GadgetsLab: LG Pocket Photo



  • Dimensions: 72.4mm x 120.9mm x 24.0mm
  • Paper Size: 2in x 3in
  • Connectivity: Bluetooth (w/ NFC pairing)
  • Interface: microUSB
  • Compatibility: Android and iOS
  • Battery: 7.4V
  • Adapter: 5 V, 1 A


  • Can print photos from mobile devices via Bluetooth
  • ZINK technology
  • Capable of NFC
  • Efficient companion app


  • Cannot fit in pocket
  • Prints are slightly overexposed
  • ZINK paper is a bit pricey


  • Portable, stylish and handy, the LG Pocket Photo is one of the easiest and most convenient ways to regularly take your digital photos and turn them into tangible wallet-size delights.


A portable photo printer for mobile devices has two advantages over an instant film camera. One: it pulls photos from the gadgets that typical, non-photographer consumers use the most to take pictures. Two: printing is done digitally, so you can do a little editing before you print out the image and you can make sure that the finished product will look the way you want it to look before it comes out on paper. One such device, the LG Pocket Photo-a dainty little photo printer made for mobile devices-confirms both points and proves its value for picture-loving mobile users.

Operation is simple: you pick an image from the gallery of your smartphone or tablet, send it over to the LG Pocket Photo, and it’ll print out a nice wallet-size photo in a mere 45 seconds.

Images are transmitted to the printer via Bluetooth, but if your mobile device is capable of NFC, you can tap your device against the printer for easier pairing. However, while you can simply send your photo to the printer over a Bluetooth connection, you have the better option of using the free companion app for Android and iOS.

The LG Pocket Photo App lets you optimize and customize your photos before printing. You can add filters, use different frame styles, and adjust saturation, brightness and contrast. Even better, you can create partitions within a single sheet. For instance, you can select the four-panel option and choose to have portions of the same photo in all four panels, or you can place a different photo in each one. The app gives you several configurations to choose from.

One interesting feature of the companion app is that it allows you to accompany the photo with a QR code and insert a short text blurb near the bottom of the frame. We did some test prints with QR codes and we were able to scan and read all of them accurately.

The device retails at PHP 7,999, but unlike a typical printer, the LG Pocket Photo employs inkless printing with the use of Zero-Ink (ZINK) paper, thus eliminating the additional cost of purchasing ink, although you would still have to buy paper. Such technology also drastically reduces the weight and size of the device.

Despite its apparent awesomeness, the LG Pocket Photo is not without its weaknesses. One issue is its bulkiness. It’s relatively light and easy to carry around in one’s bag, but it isn’t slim enough to stay true to its name. It is thicker than a typical power bank or an external HDD and will most definitely not fit in your pocket unless you still use’90s cargo pants. Prints also come out a little underexposed, but still good enough to appreciate the image.
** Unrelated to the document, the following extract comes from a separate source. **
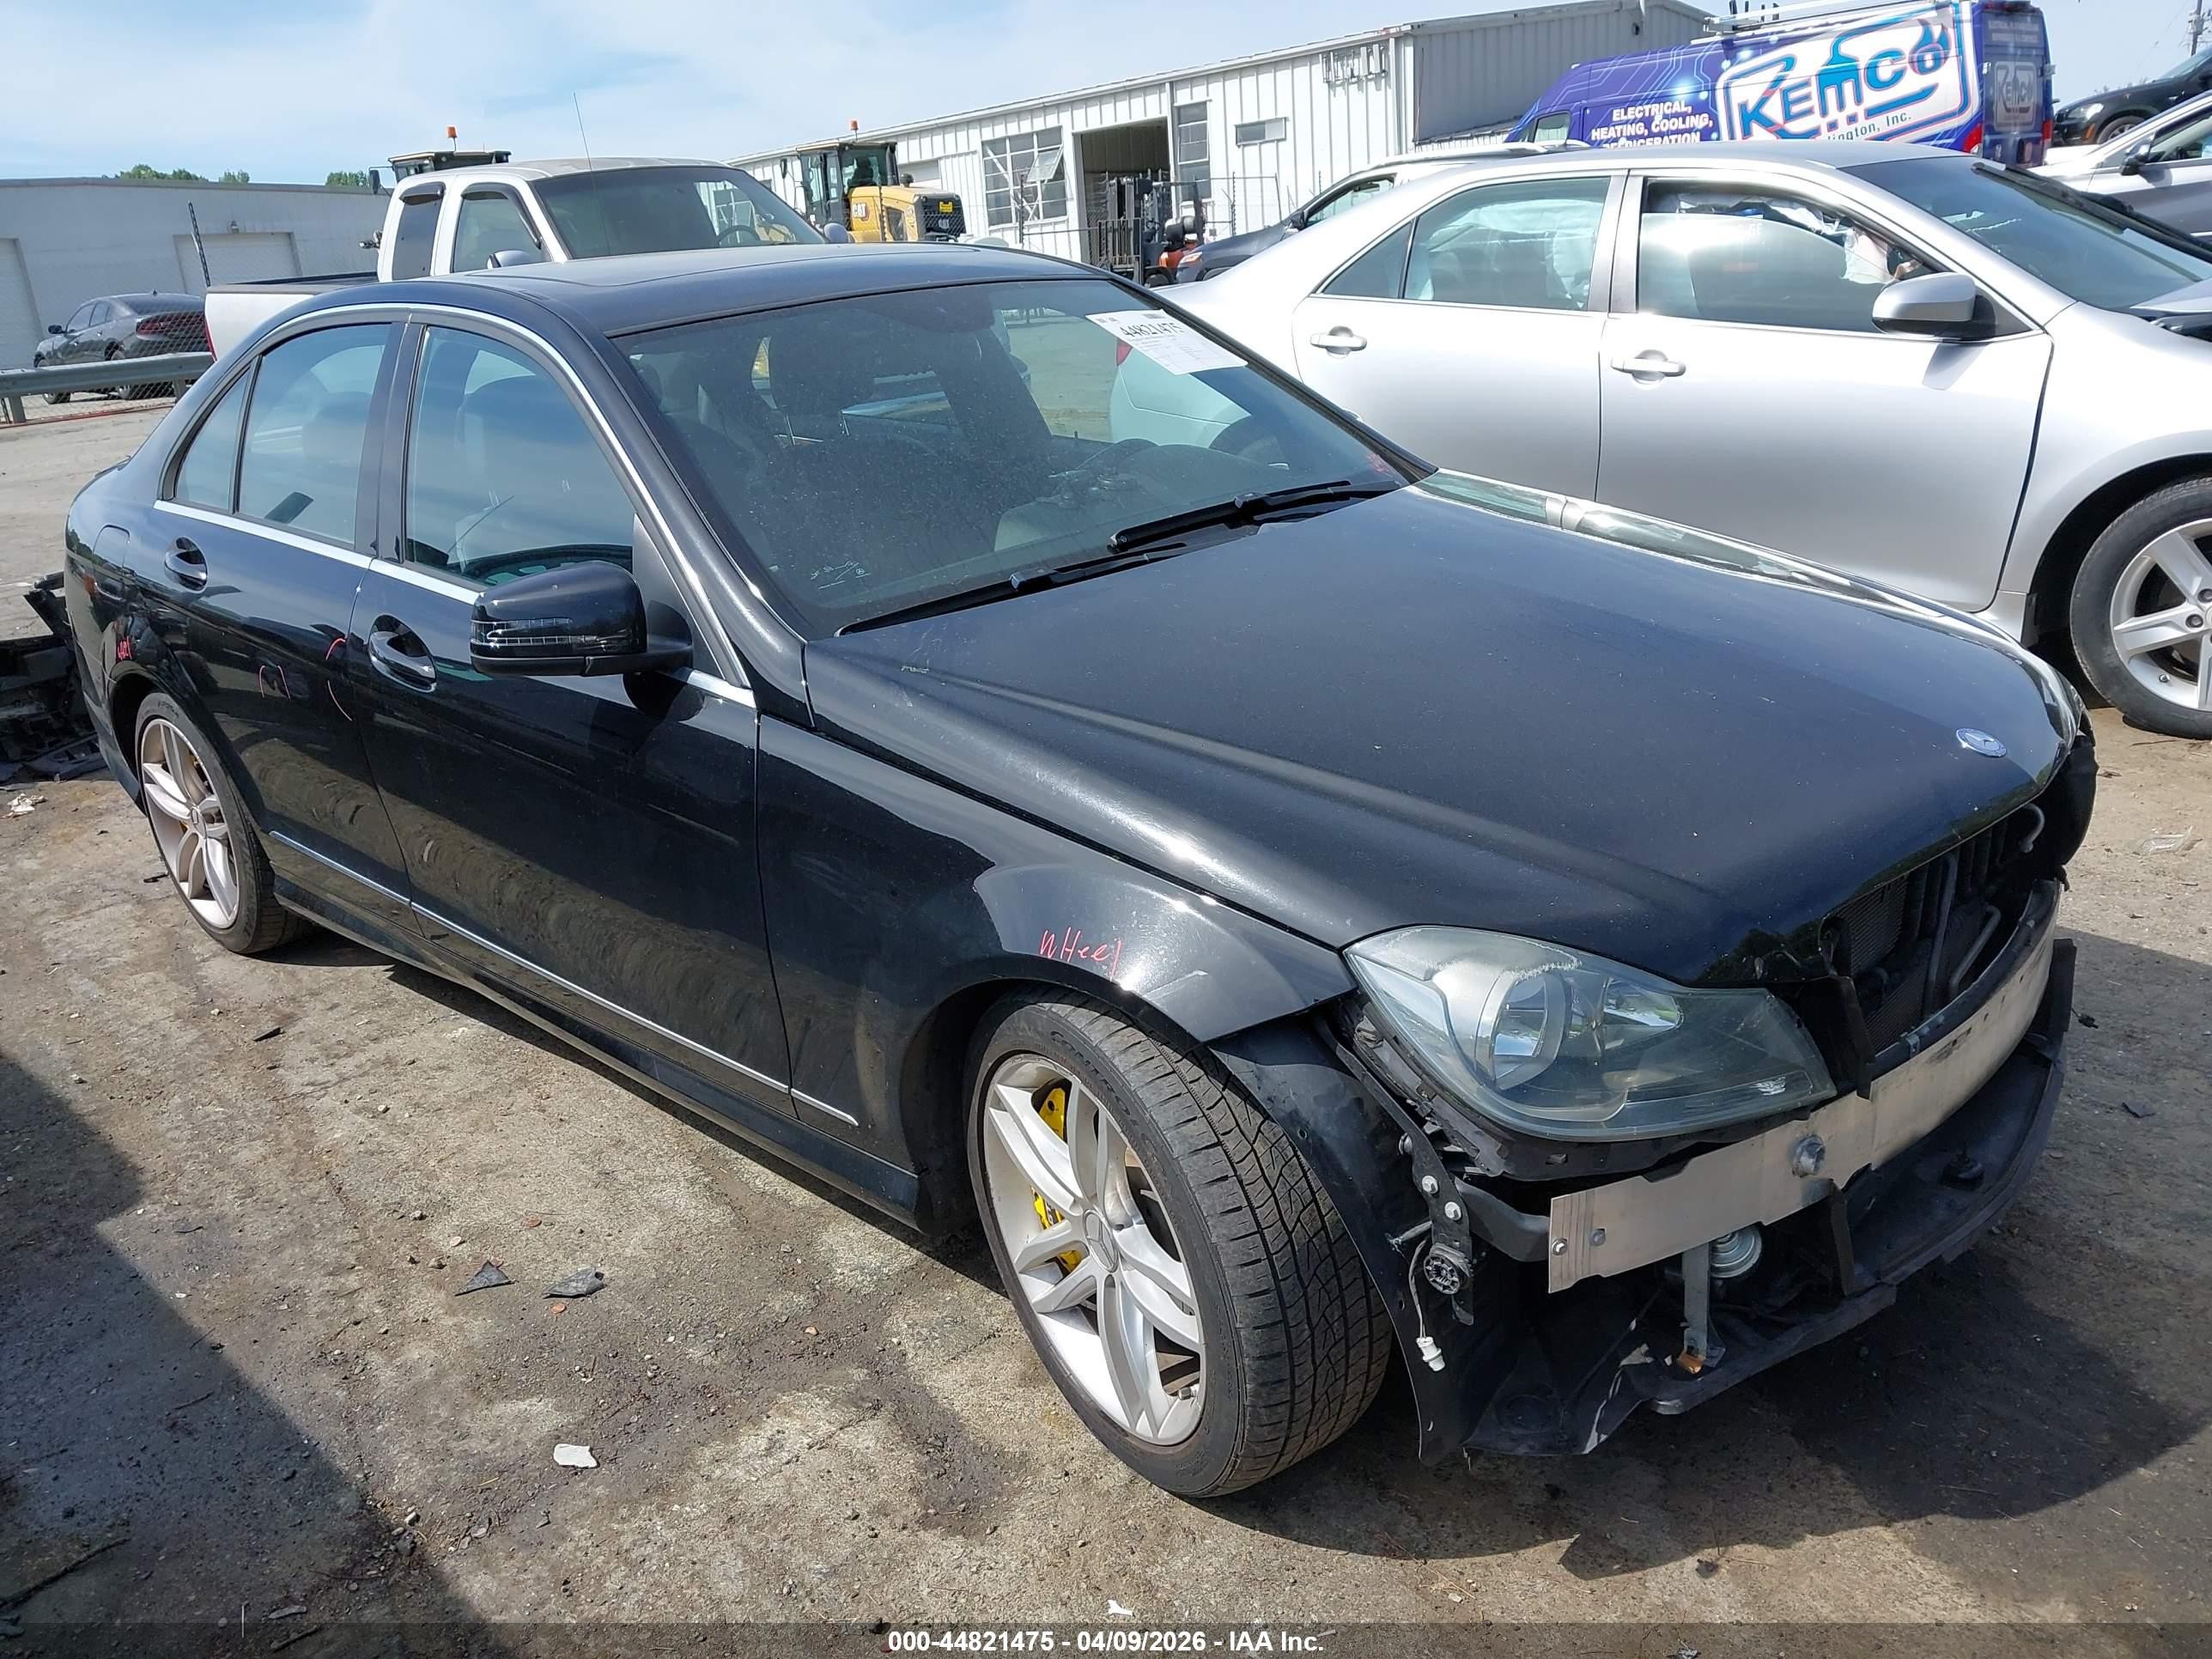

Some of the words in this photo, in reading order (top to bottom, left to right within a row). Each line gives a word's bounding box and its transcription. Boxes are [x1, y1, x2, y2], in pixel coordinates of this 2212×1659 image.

However, given the nature of the device, it would be unfair to expect anything spectacular. It produces good enough quality for what it is. Another concern is the maintaining cost. ZINK paper costs PHP 600 for three packs that each contain 1 0 sheets-that’s 30 sheets in total. Anything over PHP 500 is more than many are willing to spend for consumable goods, but look at it this way: 30 sheets means you can print out one photo a day-a picture of the most significant event or item for that day-for the entire month. If you’re a dedicated enough photo junkie, you replenish your sheets on a monthly basis. That’s just about enough time for you, the college student or the corporate rookie, to save up for the cost of a whole new set.

The device can be charged by plugging it into the included charging adapter or your computer via a microUSB cable-the same type of cable used for your mobile device. To me, this is a plus because I find it difficult to manage multiple types of chargers and cables for different devices. The device charges for a little more than an hour, and after that, you can print approximately one and a half packs of ZINK paper.

The printer requires you to shell out some money to be able to use it regularly, so its primary market would probably be serious photo junkies. Nevertheless, we know its capabilities-not to mention the speed of printing and the ease of use brought about by the companion app-are all too tempting even for the average consumer who takes photos with a phone or a tablet. That average consumer might want to turn these virtual images into actual photographs one can slip into a wallet or a book, or maybe decorate a room with, or give to a friend as a gift. The LG Pocket Photo has value for just about any mobile user.